● AIM OF THE TASK: All records below are to be duplicated exactly, with every picture excluded.

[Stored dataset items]
--- --- ---
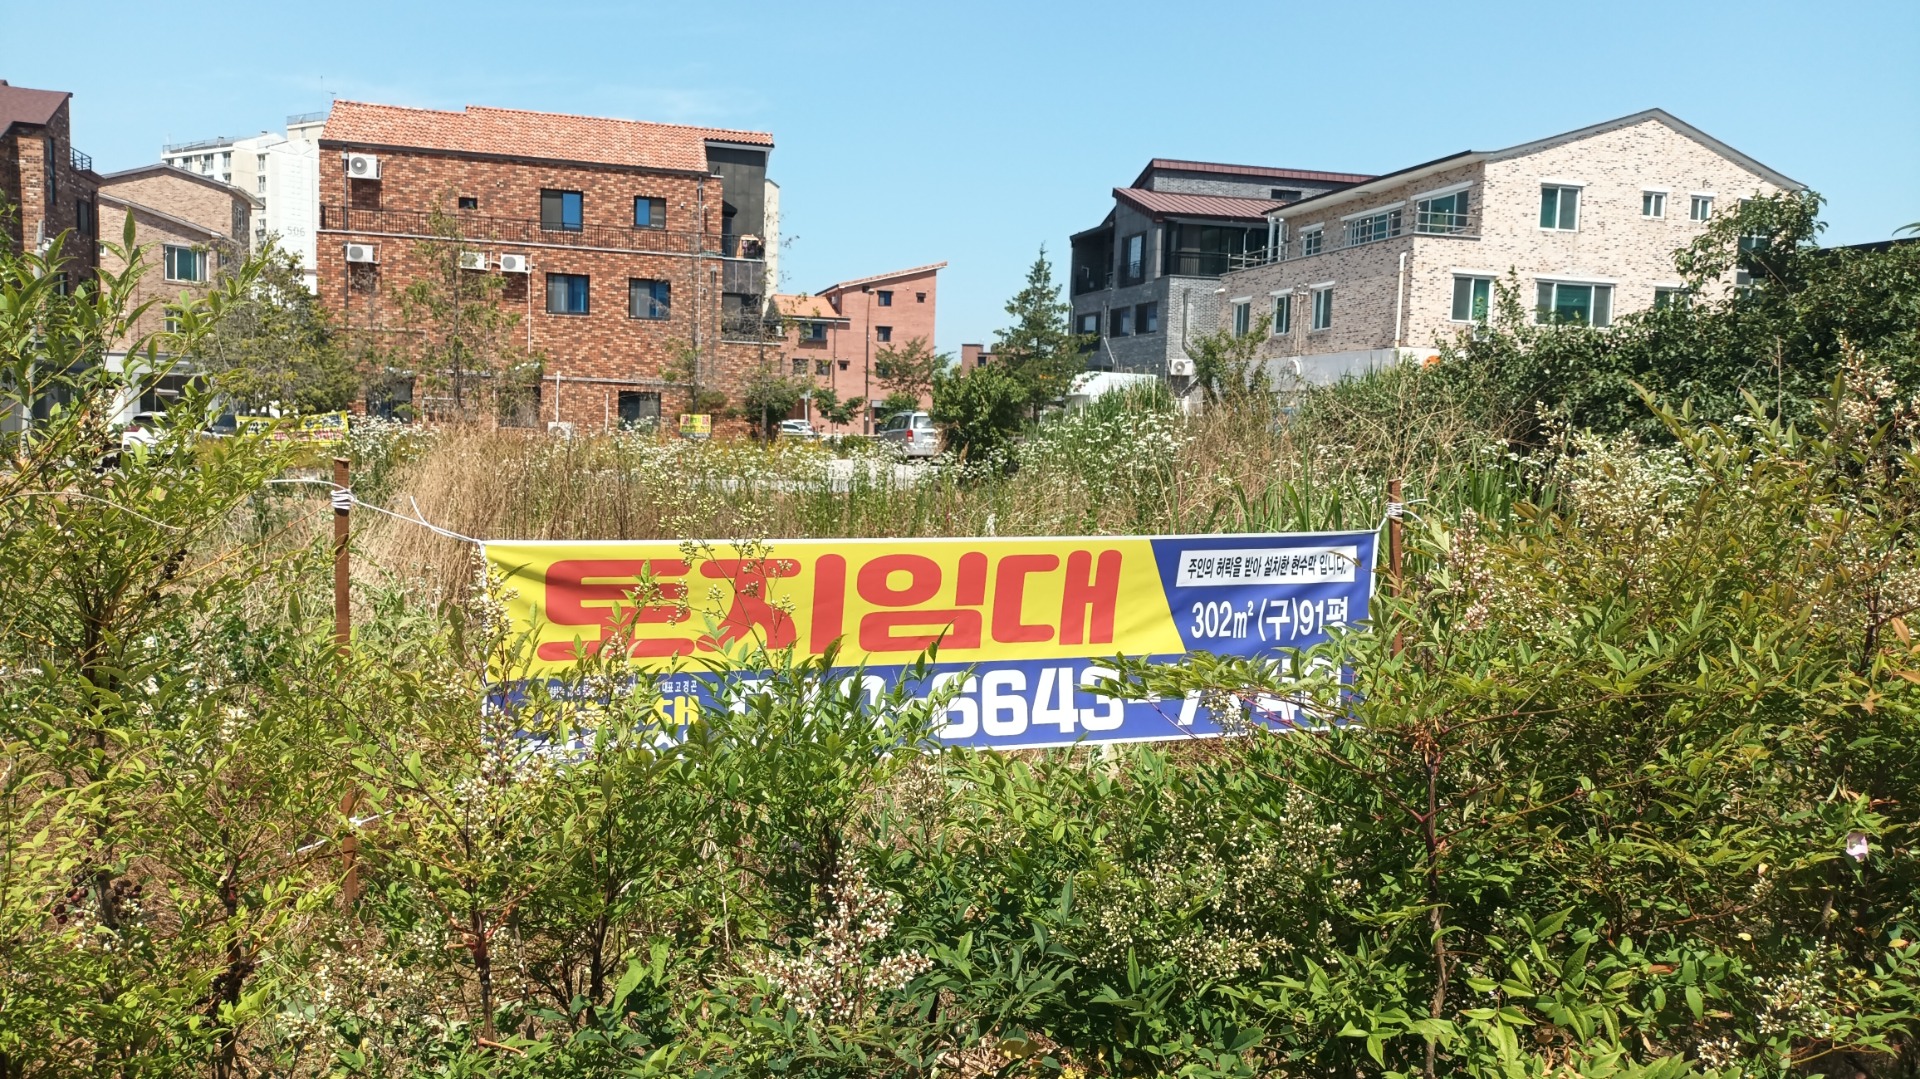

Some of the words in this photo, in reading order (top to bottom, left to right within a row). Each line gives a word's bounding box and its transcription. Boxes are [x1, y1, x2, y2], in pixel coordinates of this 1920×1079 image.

[287, 226, 306, 237] 506
[1187, 558, 1215, 579] 주인의
[1216, 556, 1242, 578] 허락을
[1244, 556, 1262, 578] 받아
[1264, 555, 1290, 577] 설치한
[1291, 554, 1317, 576] 현수막
[1319, 553, 1347, 576] 입니다.
[537, 550, 1123, 661] 토지임대
[727, 657, 1342, 746] 0-6643-74
--- --- ---
● YOUR RESPONSE:
Some of the words in this photo, in reading order (top to bottom, left to right within a row). Each line gives a word's bounding box and its transcription. Boxes are [x1, y1, x2, y2], in pixel coordinates of this 1920×1079 image.

[287, 226, 306, 237] 506
[1187, 558, 1215, 579] 주인의
[1216, 556, 1242, 578] 허락을
[1244, 556, 1262, 578] 받아
[1264, 555, 1290, 577] 설치한
[1291, 554, 1317, 576] 현수막
[1319, 553, 1347, 576] 입니다.
[537, 550, 1123, 661] 토지임대
[727, 657, 1342, 746] 0-6643-74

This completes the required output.